## WHAT IS EXPECTED
Pictures aside, can you reproduce the records word for word?

Dataset excerpts:

-----

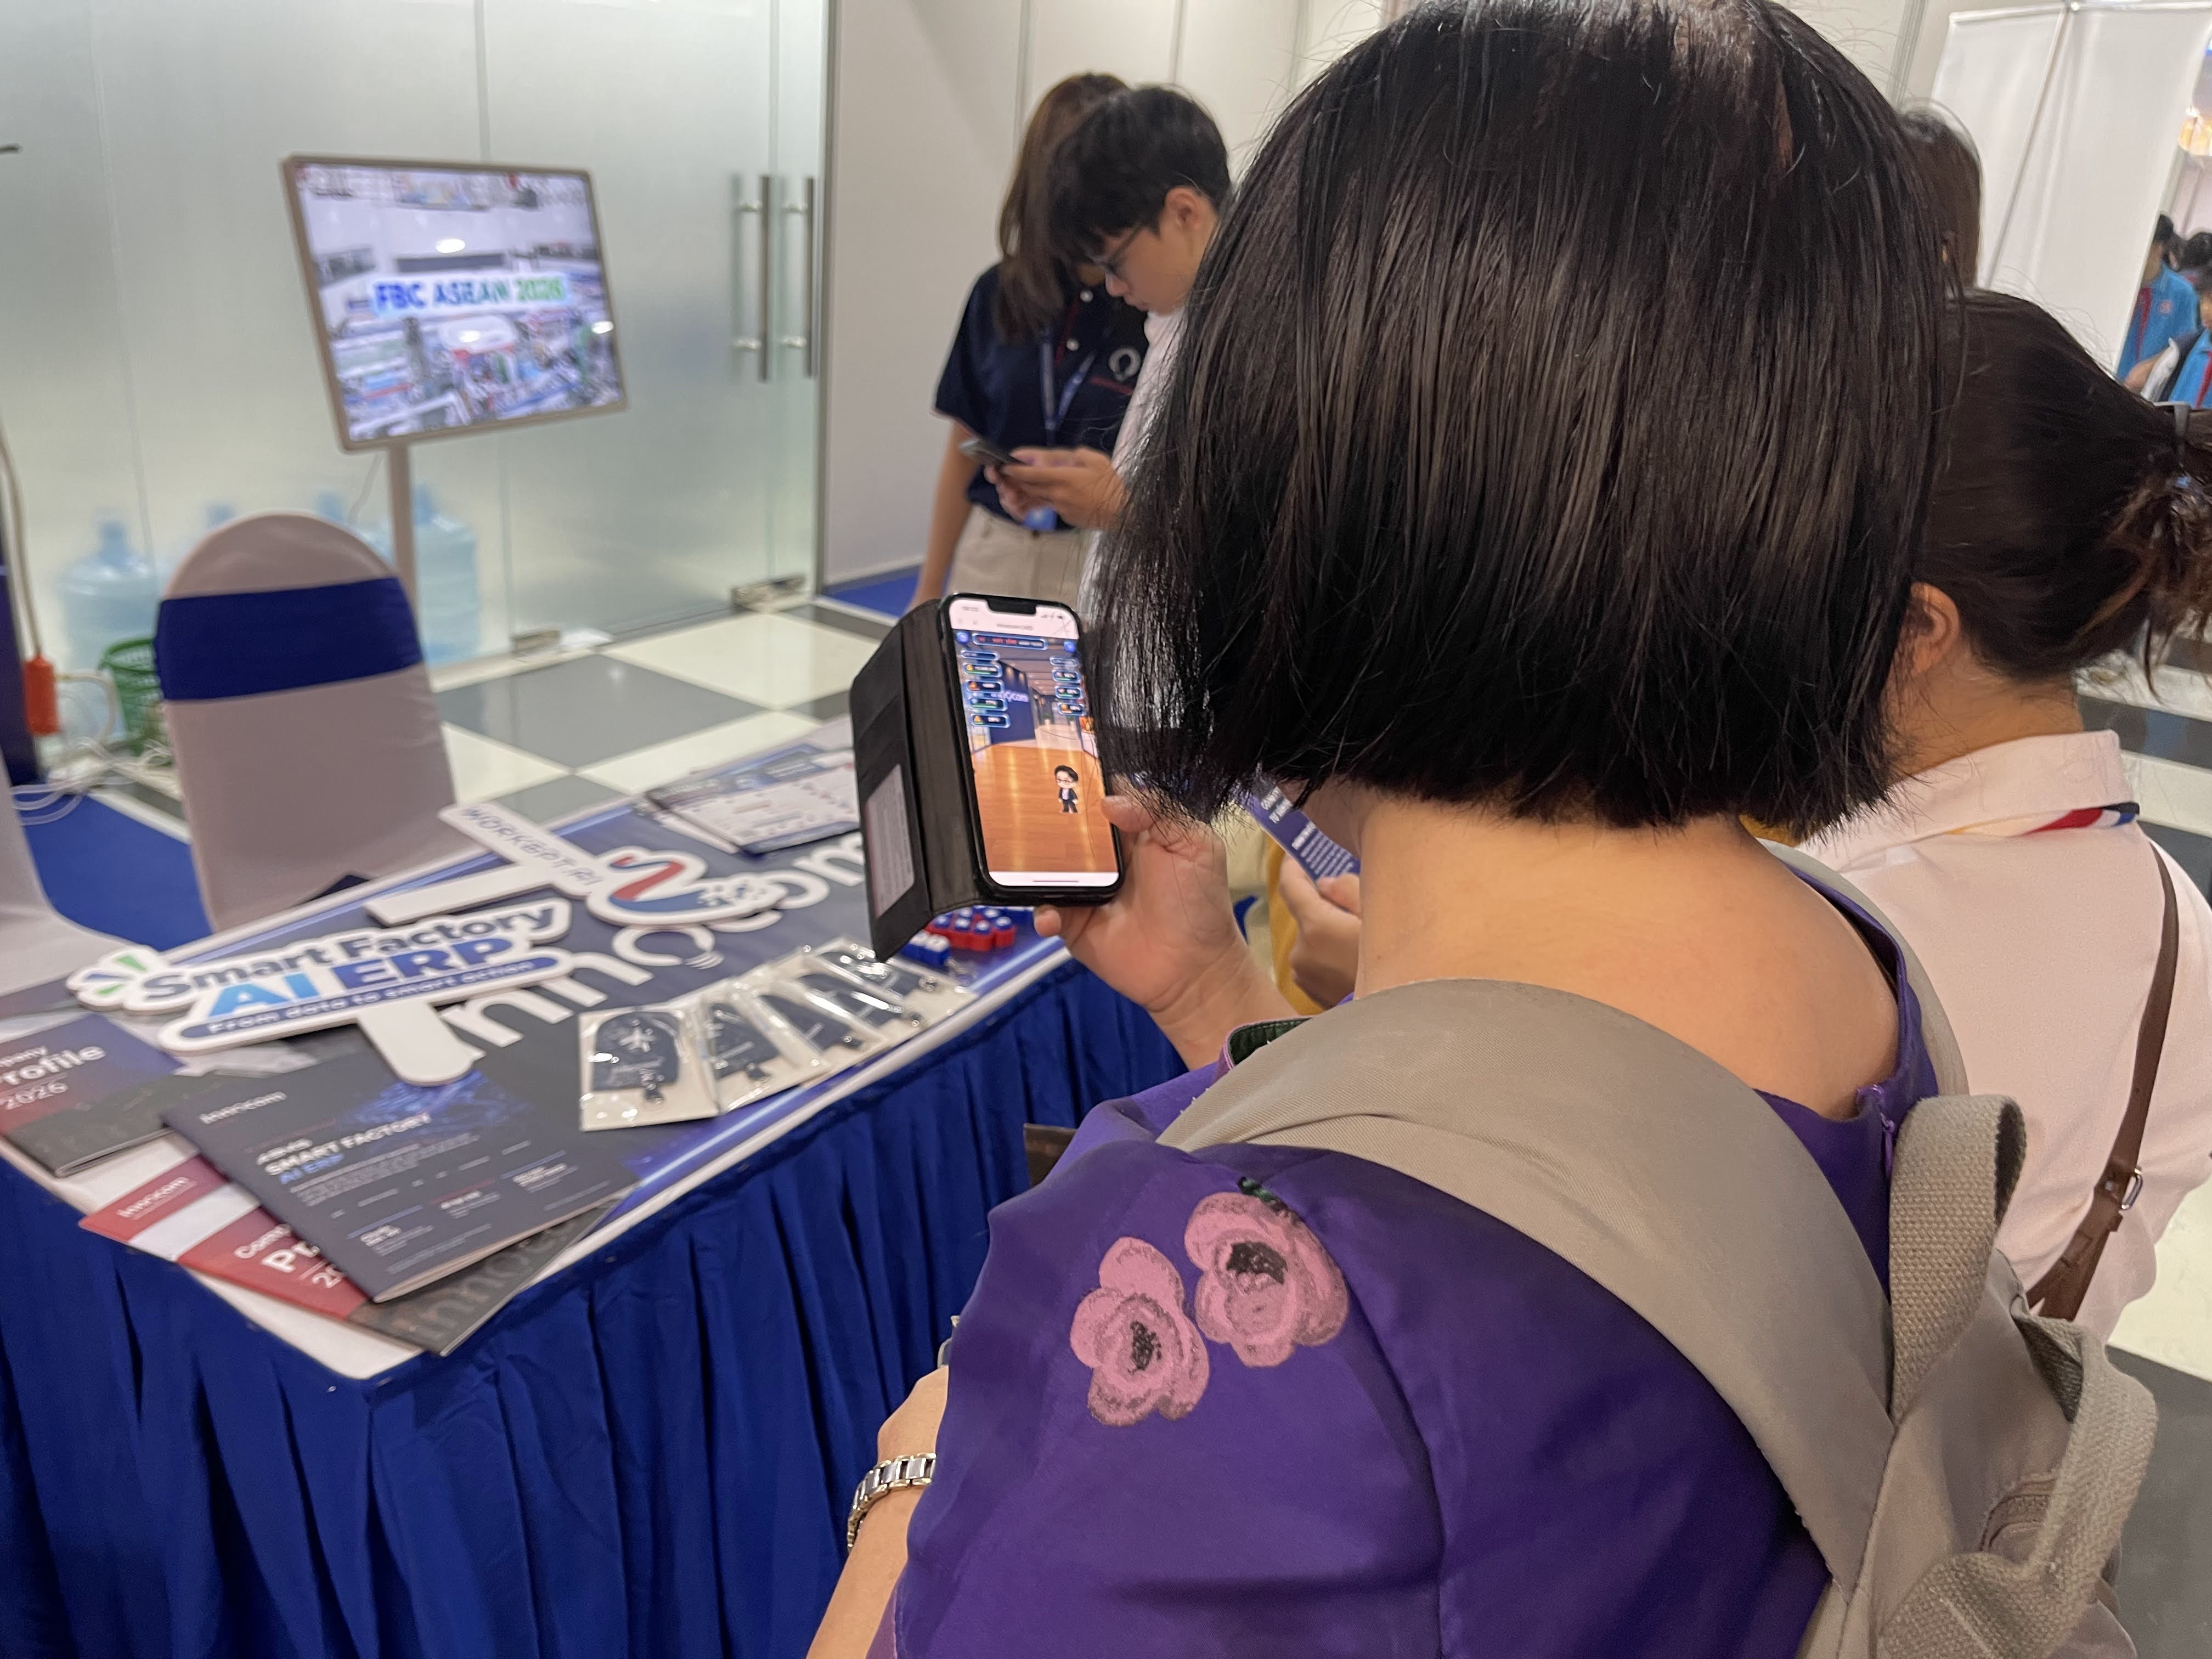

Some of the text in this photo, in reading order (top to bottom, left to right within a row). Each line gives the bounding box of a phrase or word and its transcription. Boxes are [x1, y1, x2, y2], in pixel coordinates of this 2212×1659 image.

[375, 283, 426, 309] FBC
[434, 280, 510, 304] ASEAN
[143, 908, 553, 1001] Smart Factory
[208, 938, 513, 1018] AI ERP
[285, 997, 348, 1019] data
[352, 990, 381, 1005] to
[385, 974, 459, 999] smart
[461, 961, 536, 983] action
[0, 1046, 106, 1085] rofile
[264, 1141, 340, 1176] SMART
[340, 1112, 432, 1148] FACTORY

-----

## SOLUTION
Some of the text in this photo, in reading order (top to bottom, left to right within a row). Each line gives the bounding box of a phrase or word and its transcription. Boxes are [x1, y1, x2, y2], in pixel coordinates of this 2212×1659 image.

[375, 283, 426, 309] FBC
[434, 280, 510, 304] ASEAN
[143, 908, 553, 1001] Smart Factory
[208, 938, 513, 1018] AI ERP
[285, 997, 348, 1019] data
[352, 990, 381, 1005] to
[385, 974, 459, 999] smart
[461, 961, 536, 983] action
[0, 1046, 106, 1085] rofile
[264, 1141, 340, 1176] SMART
[340, 1112, 432, 1148] FACTORY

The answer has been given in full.